Step forward Michael Cashman, also known as Lord Cashman of Albert Square, a founding member of the trans rights organisation Stonewall and who seems to spend much of his time campaigning to stop men having their feelings hurt by women defending their rights, spaces and sports.

Duffield, who has been sidelined and isolated by her own party’s leadership for insisting that, contrary to Marxist teachings, women cannot have penises and men cannot  have vaginas, has in the past avoided attending her own party conference for fears for her personal safety. Some trans activists – often men – have not only threatened but physically assaulted women they dismiss as Terfs (Trans-Exclusionary Radical Feminists) so Duffield had a valid reason for avoiding a large gathering of the comrades.

Even in this crucial general election, she has been forced to announce she could not be attending local hustings meetings.

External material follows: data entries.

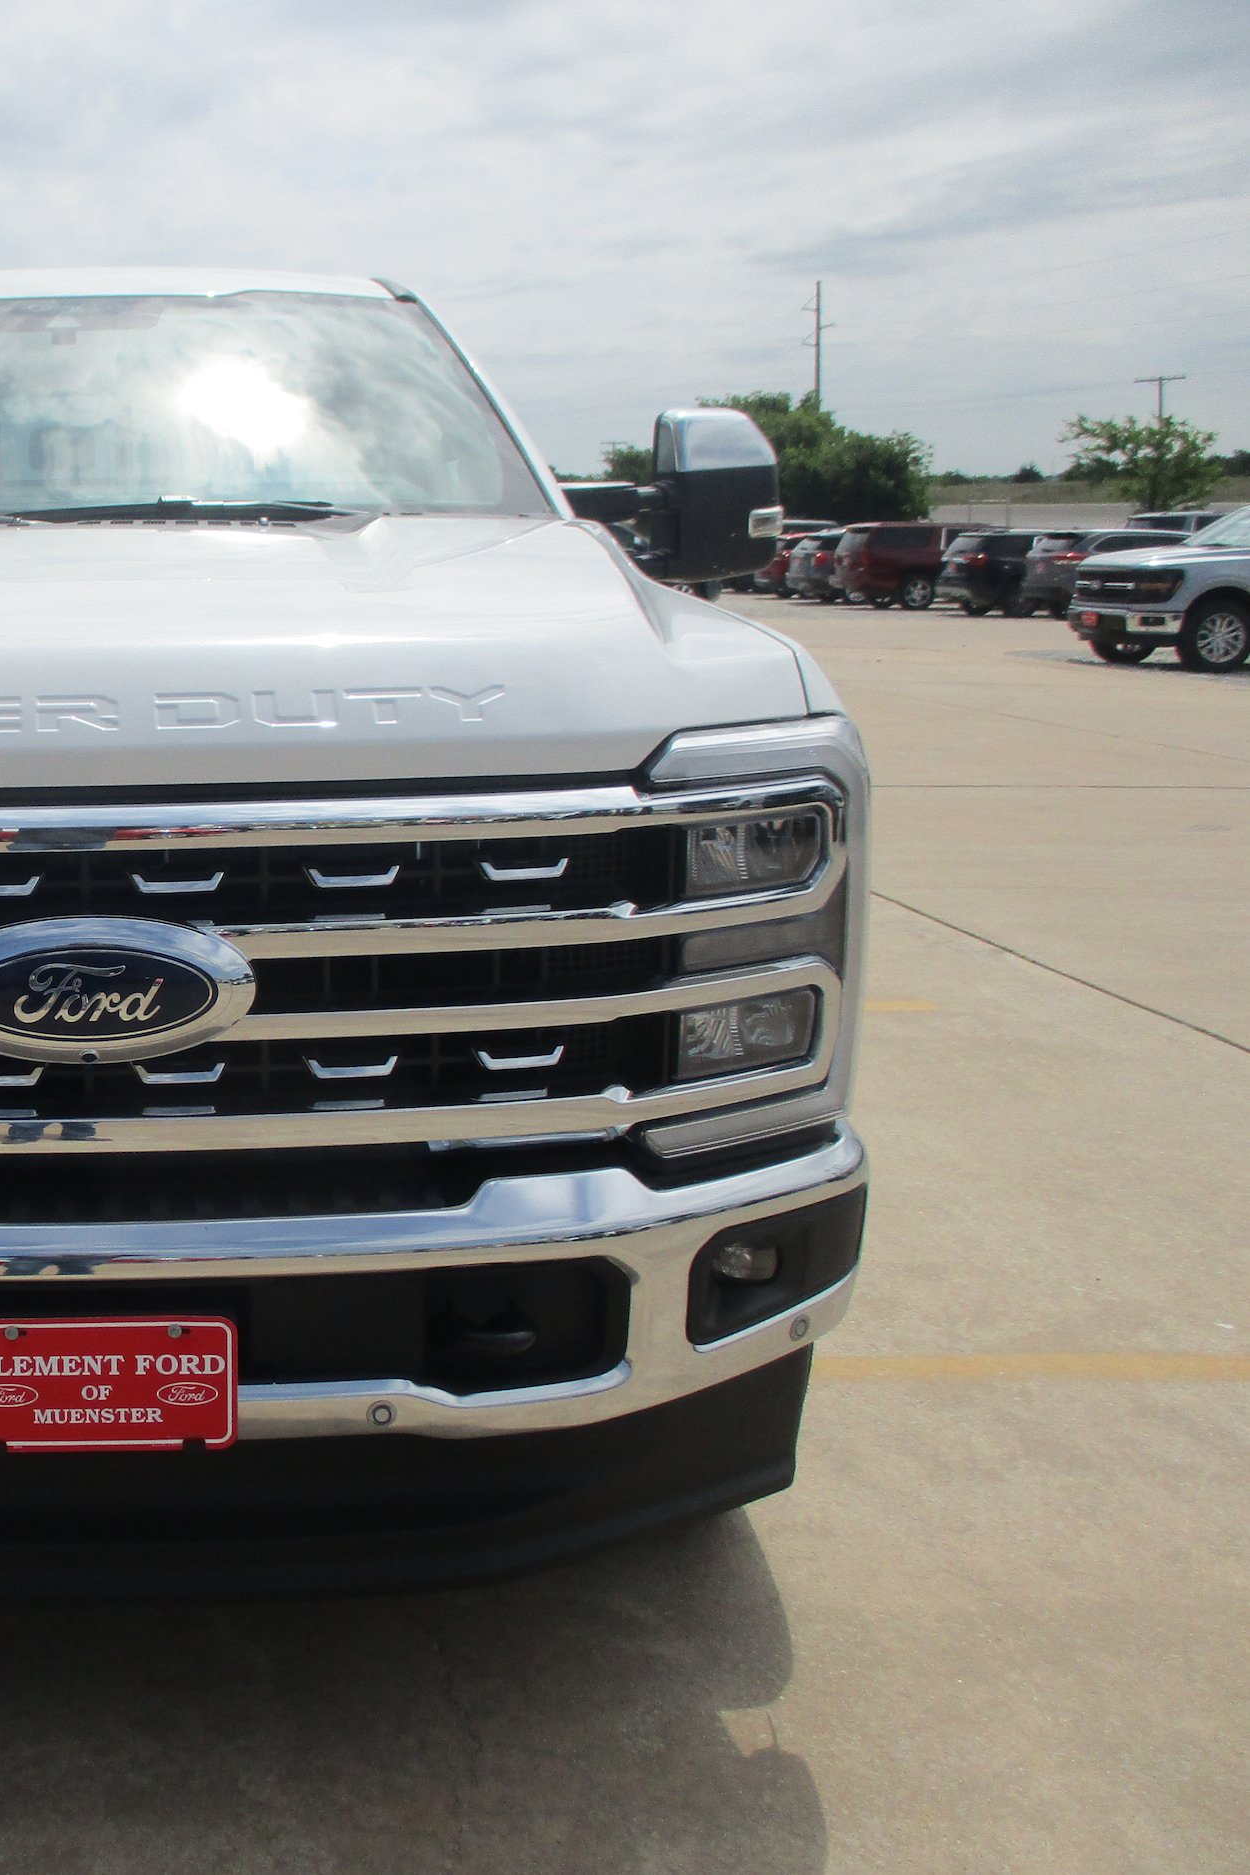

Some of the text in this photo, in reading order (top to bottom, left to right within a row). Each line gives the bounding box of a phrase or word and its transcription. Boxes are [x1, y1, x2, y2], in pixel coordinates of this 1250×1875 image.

[154, 684, 506, 730] DUTY
[13, 962, 165, 1024] Ford
[135, 1354, 226, 1376] FORD
[81, 1385, 113, 1401] OF
[166, 1382, 206, 1402] Ford
[32, 1408, 164, 1425] MUENSTER

Lord Cashman’s response via X? “Frit. Or lazy.”

He has since issued an apology of sorts, refusing even to name Duffield and referring to her in the third person as “Labour’s candidate for Canterbury”, but has not apologised to her personally.

That a high-profile member of the Labour Party would seek to undermine a female candidate’s concern for her own safety after a period in which two MPs have been murdered by ideologues is shocking and, under normal circumstances, unacceptable.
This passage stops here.